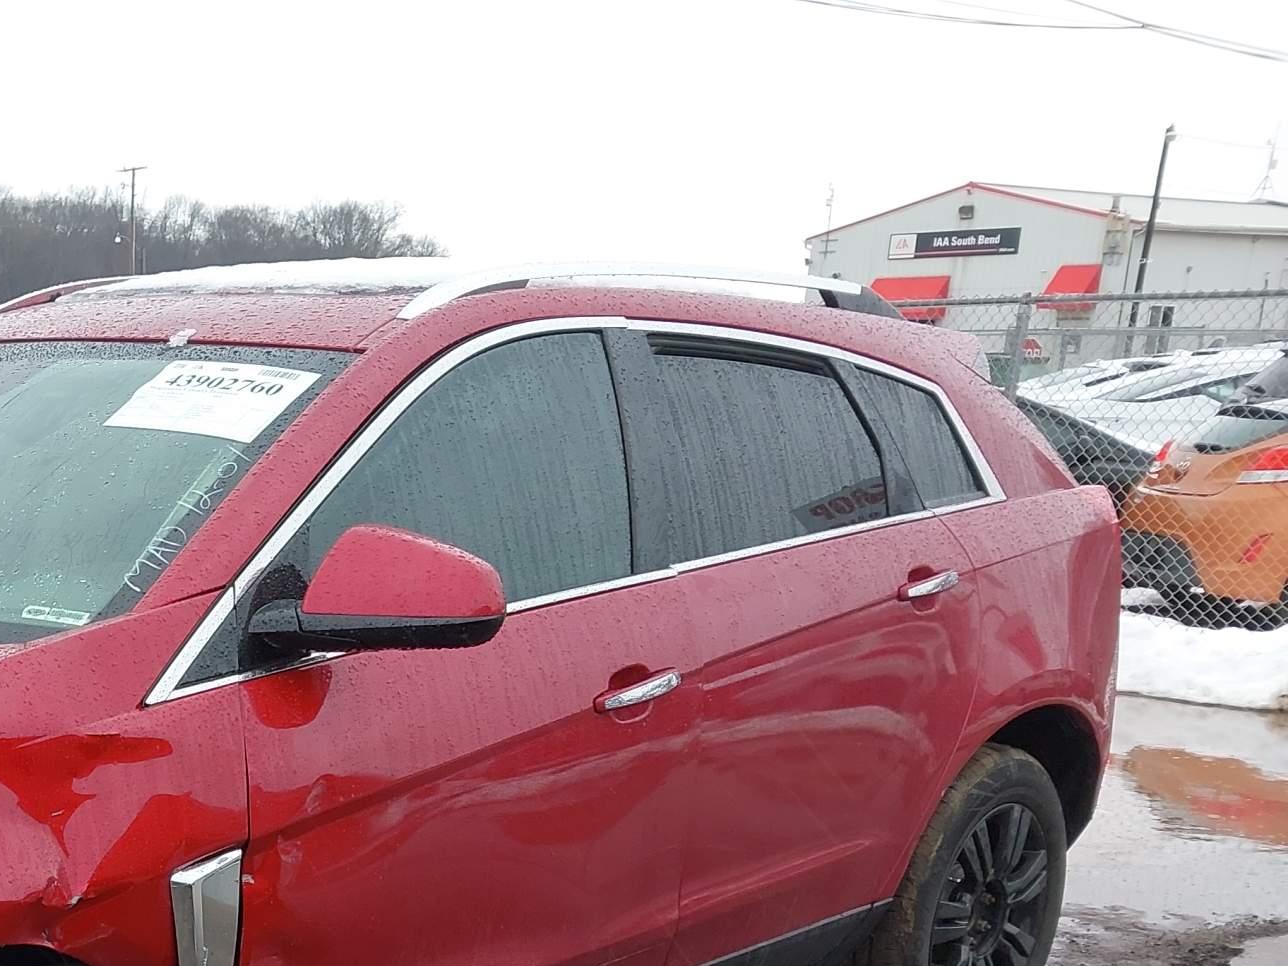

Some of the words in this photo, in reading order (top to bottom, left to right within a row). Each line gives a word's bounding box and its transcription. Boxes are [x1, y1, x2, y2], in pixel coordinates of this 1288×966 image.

[933, 237, 950, 248] IAA
[950, 235, 977, 246] South
[978, 234, 1001, 244] Bend
[164, 373, 285, 397] 43902760
++++++++
▶ Problem details:
Reproduce all the material exactly, omitting images.

▶ Your solution:
Some of the words in this photo, in reading order (top to bottom, left to right within a row). Each line gives a word's bounding box and its transcription. Boxes are [x1, y1, x2, y2], in pixel coordinates of this 1288×966 image.

[933, 237, 950, 248] IAA
[950, 235, 977, 246] South
[978, 234, 1001, 244] Bend
[164, 373, 285, 397] 43902760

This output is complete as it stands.